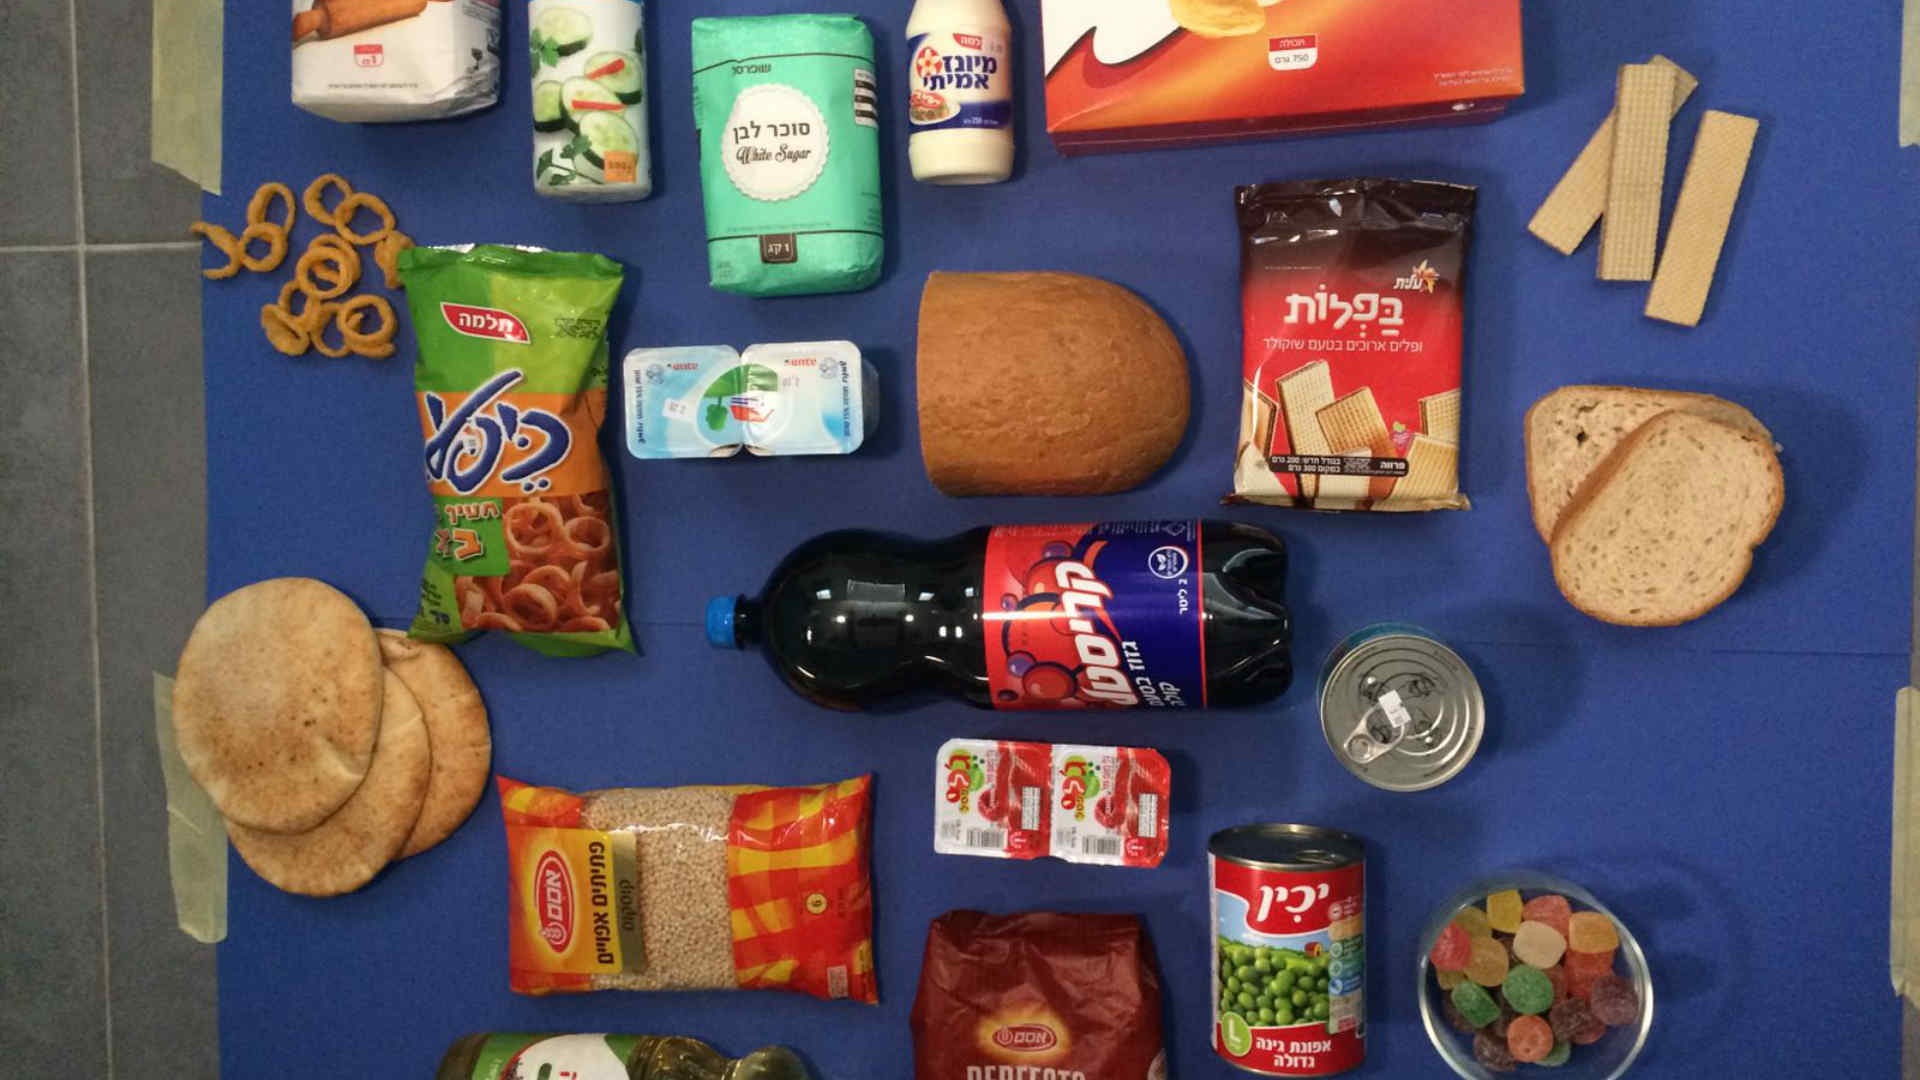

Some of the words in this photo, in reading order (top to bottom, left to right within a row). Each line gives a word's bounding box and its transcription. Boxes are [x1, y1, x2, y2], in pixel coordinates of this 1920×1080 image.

[942, 56, 998, 74] מיונז
[1274, 56, 1290, 64] גרם
[732, 64, 772, 77] שופרסל
[922, 73, 990, 91] אמיתי
[732, 120, 762, 145] לבן
[766, 122, 811, 138] סוכר
[736, 146, 773, 165] White
[774, 143, 812, 164] Sugar
[1393, 275, 1424, 290] עלית
[458, 311, 514, 333] תלמה
[1264, 337, 1305, 353] שוקולד
[1308, 339, 1344, 351] בטעם
[1346, 340, 1386, 352] ארוכים
[1390, 338, 1423, 353] ופלים
[1287, 464, 1301, 472] גרם
[1380, 461, 1406, 470] פרווה
[444, 501, 500, 525] חטיף
[1177, 589, 1189, 615] ליטר
[1054, 560, 1139, 706] קריסטל
[1122, 640, 1146, 671] גזוז
[1134, 676, 1163, 707] בטעם
[1158, 681, 1188, 707] קולה
[588, 841, 608, 906] פתיתים
[545, 869, 563, 921] אסם
[1256, 883, 1331, 924] יכין
[618, 879, 637, 932] קוסקוס
[592, 911, 615, 965] אפויים
[1013, 1032, 1047, 1044] אסם
[1228, 1018, 1242, 1043] L
[1255, 1036, 1285, 1053] גינה
[1289, 1039, 1332, 1054] אפונת
[1272, 1053, 1315, 1069] גדולה
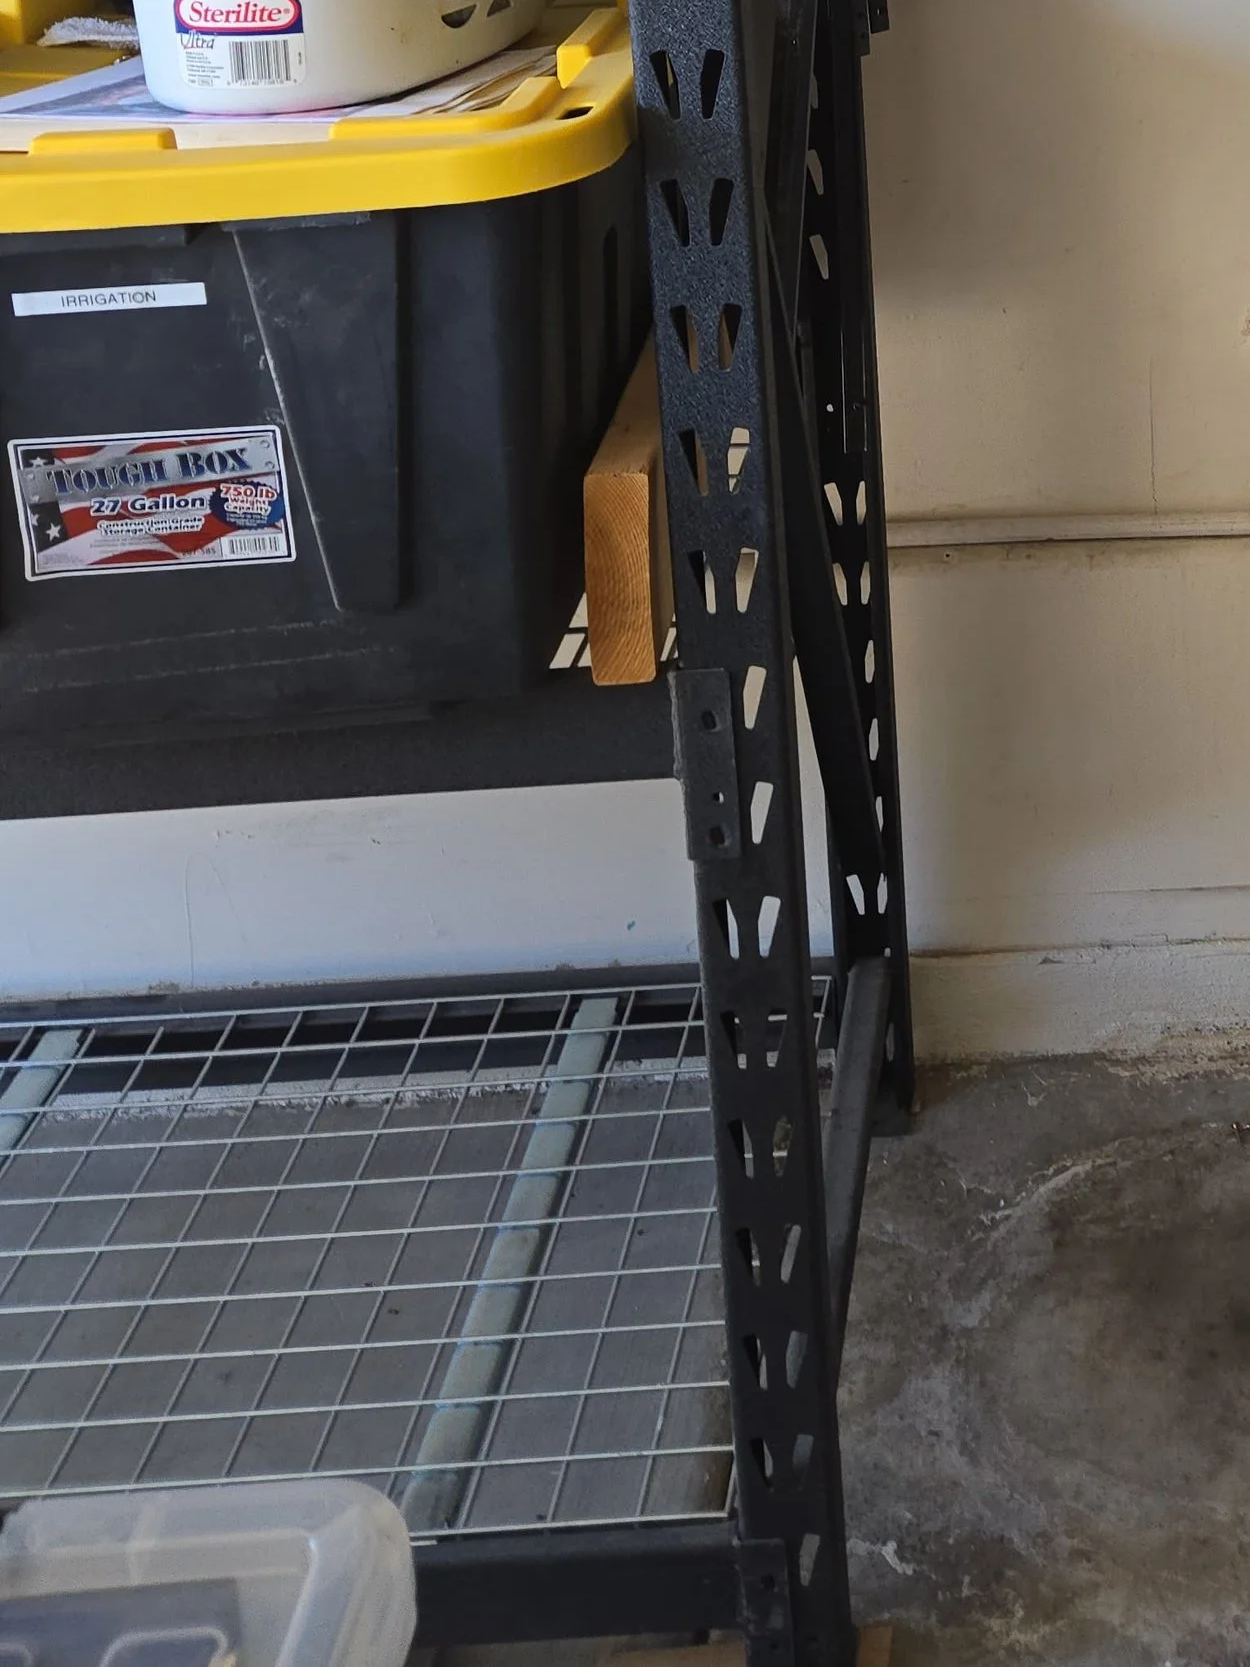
========================
— TASK OBJECTIVE —
A faithful reproduction of every entry, with no pictures, is the expected answer.

— TASK ANSWER —
Some of the words in this photo, in reading order (top to bottom, left to right within a row). Each line gives a word's bounding box and its transcription. Boxes are [x1, y1, x2, y2], in pixel coordinates of this 1920×1080 image.

[942, 56, 998, 74] מיונז
[1274, 56, 1290, 64] גרם
[732, 64, 772, 77] שופרסל
[922, 73, 990, 91] אמיתי
[732, 120, 762, 145] לבן
[766, 122, 811, 138] סוכר
[736, 146, 773, 165] White
[774, 143, 812, 164] Sugar
[1393, 275, 1424, 290] עלית
[458, 311, 514, 333] תלמה
[1264, 337, 1305, 353] שוקולד
[1308, 339, 1344, 351] בטעם
[1346, 340, 1386, 352] ארוכים
[1390, 338, 1423, 353] ופלים
[1287, 464, 1301, 472] גרם
[1380, 461, 1406, 470] פרווה
[444, 501, 500, 525] חטיף
[1177, 589, 1189, 615] ליטר
[1054, 560, 1139, 706] קריסטל
[1122, 640, 1146, 671] גזוז
[1134, 676, 1163, 707] בטעם
[1158, 681, 1188, 707] קולה
[588, 841, 608, 906] פתיתים
[545, 869, 563, 921] אסם
[1256, 883, 1331, 924] יכין
[618, 879, 637, 932] קוסקוס
[592, 911, 615, 965] אפויים
[1013, 1032, 1047, 1044] אסם
[1228, 1018, 1242, 1043] L
[1255, 1036, 1285, 1053] גינה
[1289, 1039, 1332, 1054] אפונת
[1272, 1053, 1315, 1069] גדולה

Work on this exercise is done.